Thursdays seem to be the start of my weekend. After settling my wife and granddaughter at home, I went to help set up the for the Multicultural Alliance of Entrepreneurs's presentation at the Mexican Cultural Institute (MCI) called "Latino Population and Business Trends." Then it was off to Pico-Union to do a drive-by at Centro for Latino Literacy's Manos Amigas Celebration. I stayed for a few minutes, but here you could read an entertaining article on the night's events, written by my partner at, Richard Koffler. Then, back to MCI for the clean-up.

Friday, my wife Linda and I drove over to Westwood to attend a performance of The Elaborate Entrance of Chad Deity at the Geffen Playhouse. We were invited by Valerie de la Garza, who is on the theater's community advisory board. Although the play, a powerful and hyper-kinetic carnival of words, music and professional wrestling, had a Latino-centric theme and is written by Kristoffer Diaz, there wasn't much outreach to Latino audiences. Thus, Latino Social Night, with invites going out to bloggers, writers, influentials and others (like us). They also bought some ads on LatinoLA! Very enjoyable experience. See it if you can!

Saturday, we got off to a late start (actually slept in a bit), then on to the home-cleaning. I left at about 4 to get ready for the Cucaracha Crawl at MCI, where Lalo Alcaraz was to present a slide show and talk about his exhibit: Lalo Alcaraz Heritage Month: 500 Years of History/Art/Satire. Light, but enthusiastic, crowd, but I got to talk with Lalo on some upcoming projects. The exhibit goes on until October 15.

Sunday morning: Back to the Mexican Cultural Institute, first to meet a group of Chicano Studies students from Cal State Long Beach, lead by their professor and the Institute's board chair Armando Vasquez-Ramos; then participated in the Dia de los Braceros presentation out in Plaza Olvera's kiosk; ending my stay with a brief visit to La Plaza de Cultura y Artes to hear a lecture on the America Tropical mural.

Headed home for a breather. My son Michael came over for a while, so we had a roomful of little girls (his two daughters and our other granddaughter Jewel, who stayed the night with us) laughing and screaming, jumping and dancing, and having fun with papa (me).

Finally, at about 4:30 pm we drove to Hollywood to see John Leguizamo's latest one-man play, Ghetto Klown at the Montalbán. This one was a riot, a chronological tour of his career in show business. He is a master mimic, a great dancer, fast and furious with his warts and all portrayal of his relationships, both personal and professional, and his successes and failures.
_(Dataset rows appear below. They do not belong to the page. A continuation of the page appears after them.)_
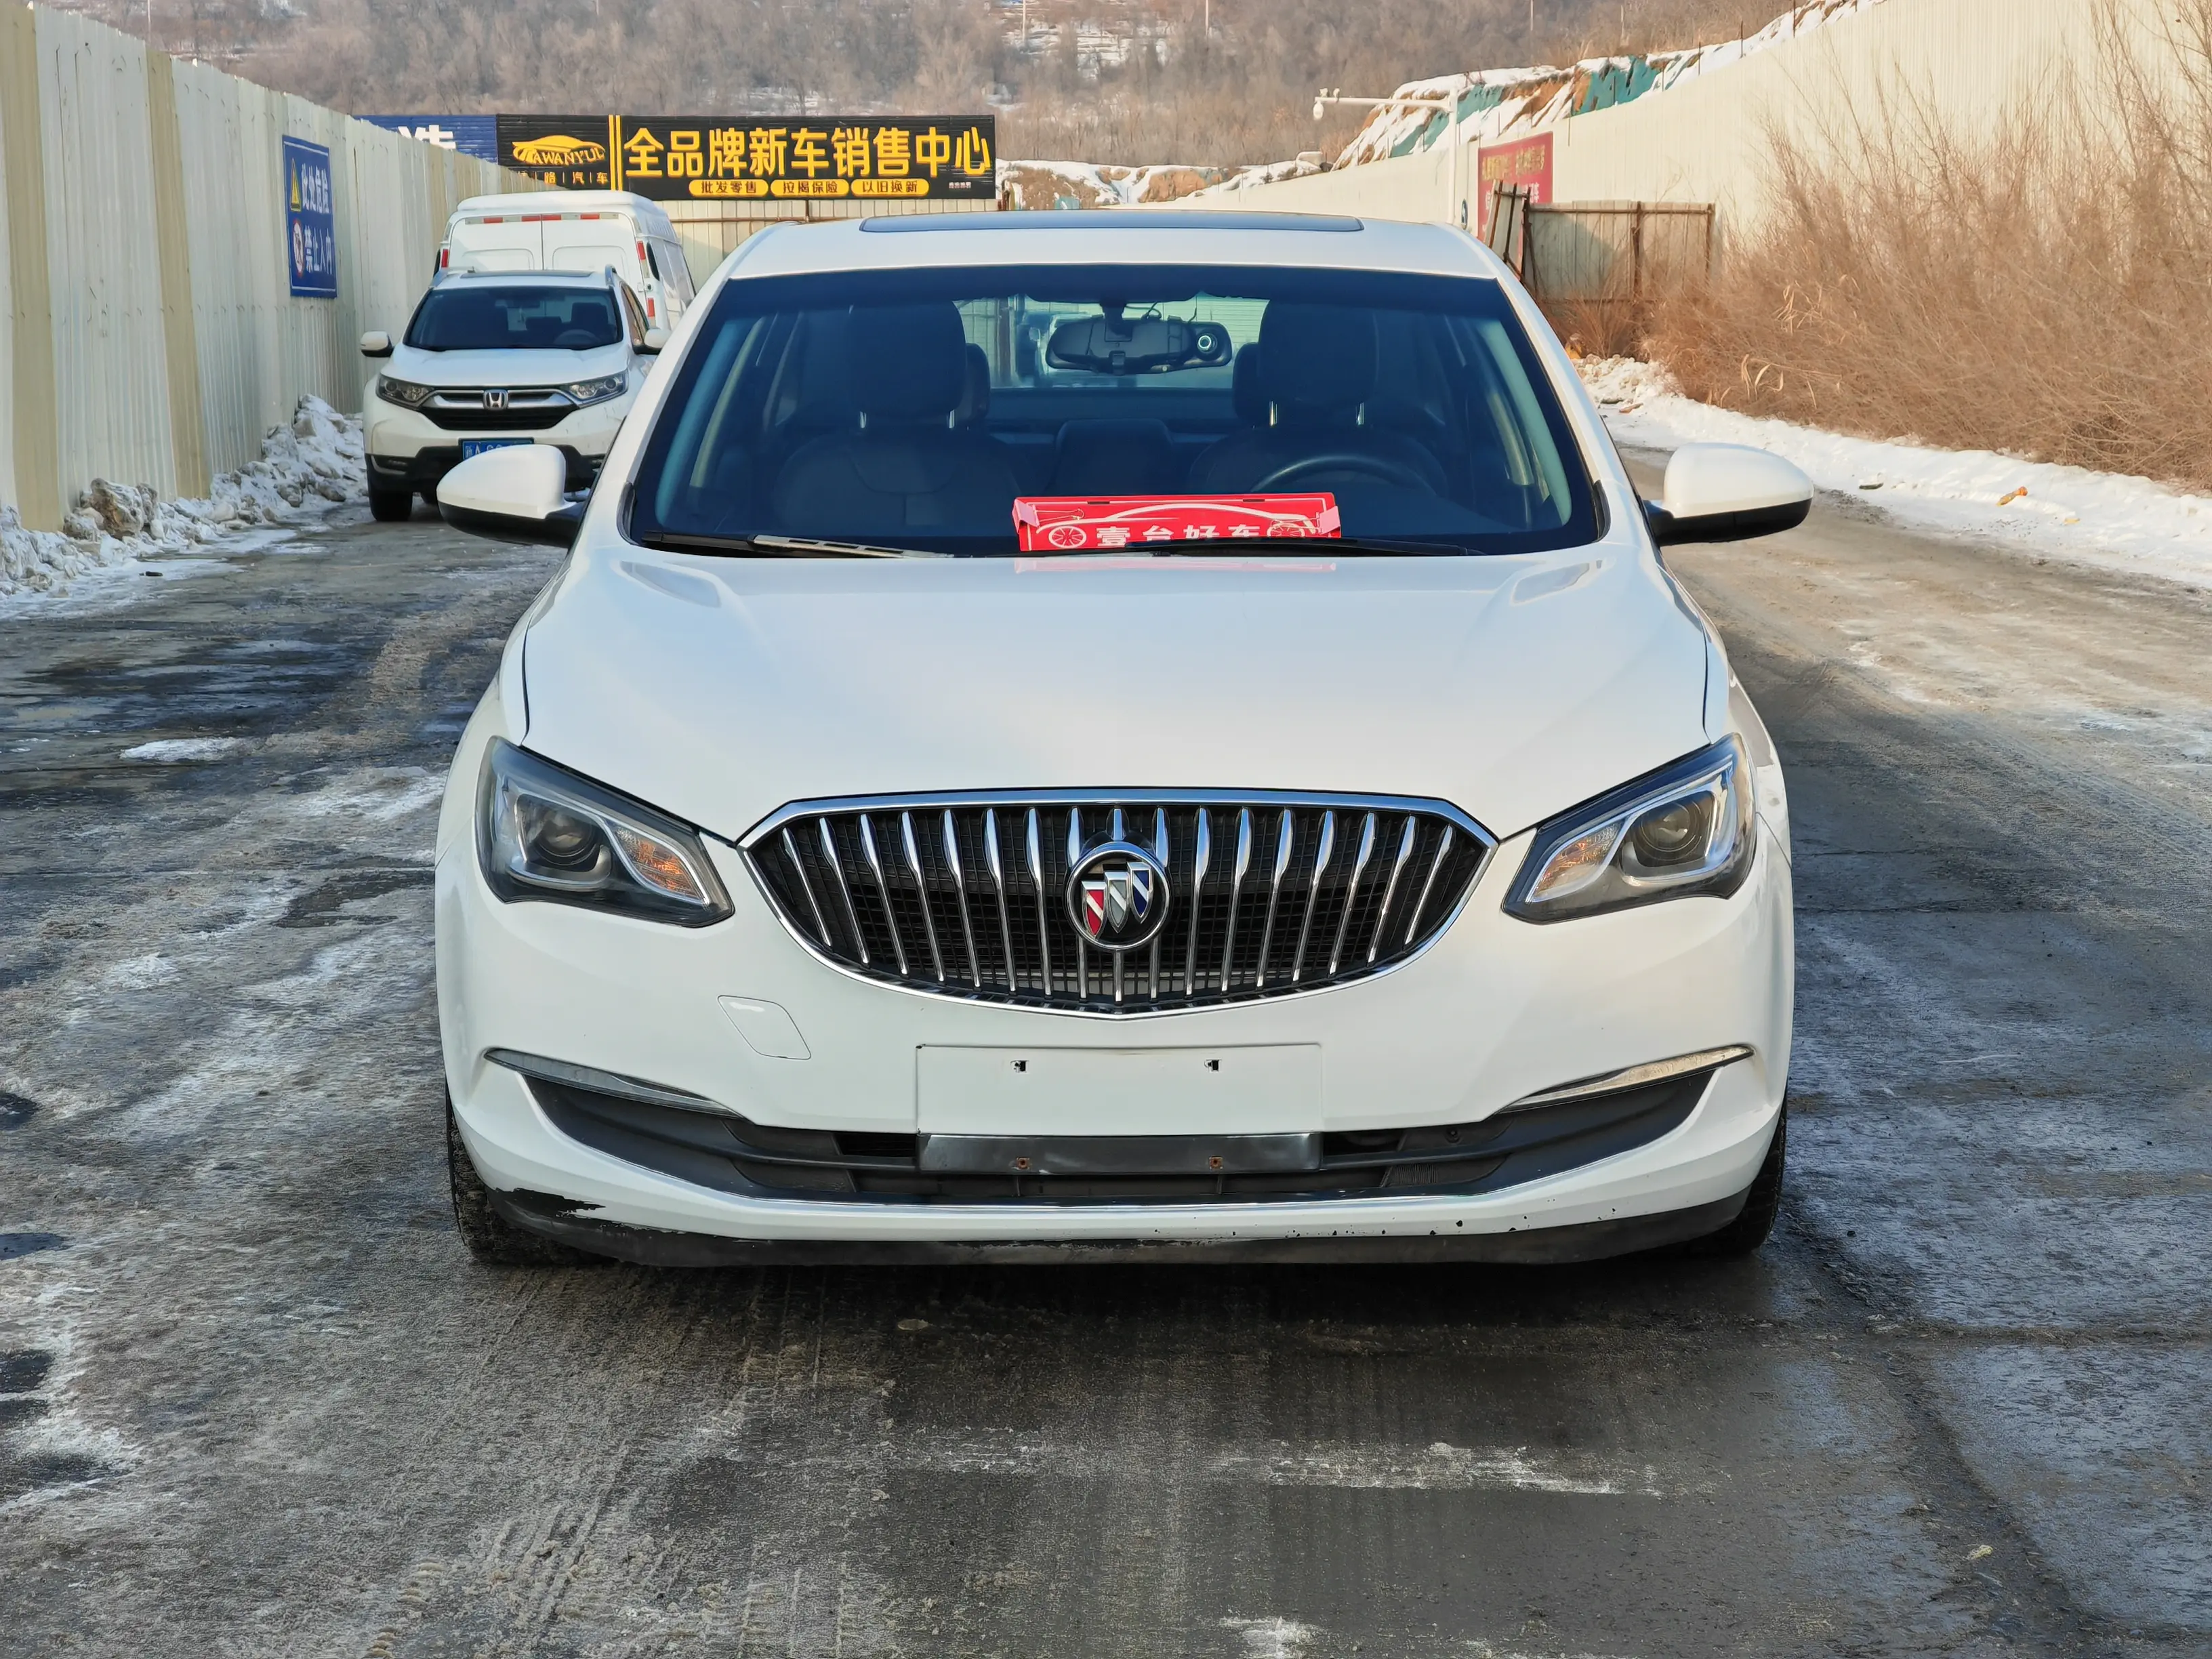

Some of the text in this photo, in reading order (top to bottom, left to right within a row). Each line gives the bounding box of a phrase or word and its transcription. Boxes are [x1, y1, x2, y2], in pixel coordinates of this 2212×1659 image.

[623, 126, 991, 178] 全品牌新车销售中心
[301, 163, 330, 214] 此处危险
[701, 181, 757, 194] 批发零售
[783, 181, 838, 194] 按揭保险
[862, 180, 918, 193] 以旧换新
[304, 224, 332, 274] 禁止入内
[1096, 524, 1261, 548] 壹台好车
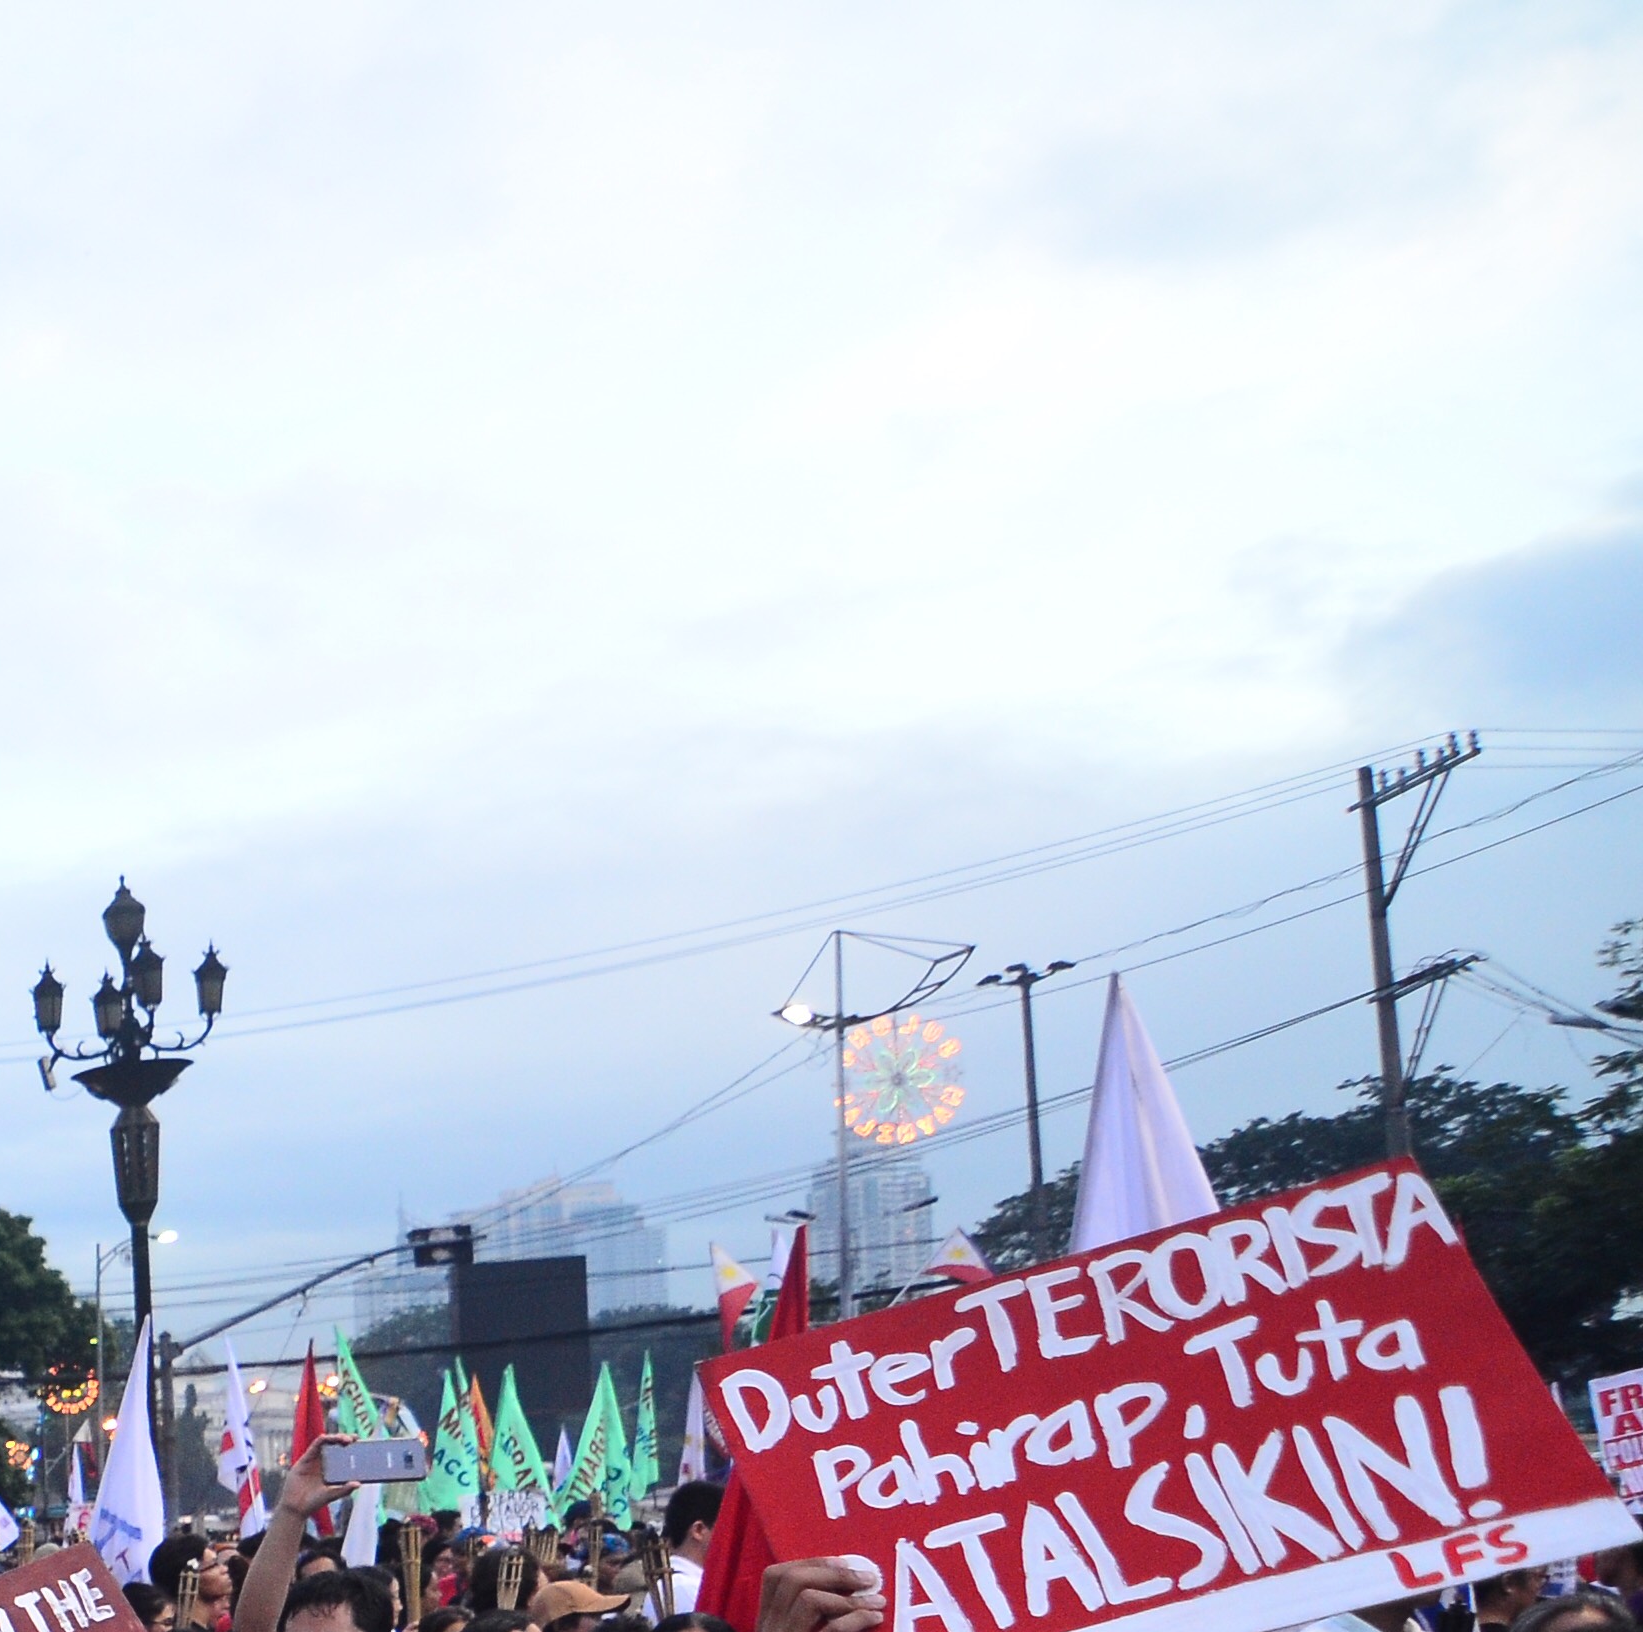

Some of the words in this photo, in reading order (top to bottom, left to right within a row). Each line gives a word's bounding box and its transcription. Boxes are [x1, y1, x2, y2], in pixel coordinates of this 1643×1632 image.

Hilarious, nostalgic and confessional, it was frantic funny and heartbreaking at the same time.

Weekends aren't usually this Krazy, but when opportunity comes, it's time to suit up and enjoy.

Who I saw: Gloria Molina, Raquel Hernandez, Roy Jasso, Martin Albornoz, Yvette Doss, Kevin de Leon, Flavio Morales, Dyanna Ortelli, Baldomero Capiz, Valerie de la Garza, Cris Franco, Jose Huizar, Dan Guerrero (twice), Cisco, and a whole bunch more. If I didn't greet you (or forgot who you were), desculpame, por favor!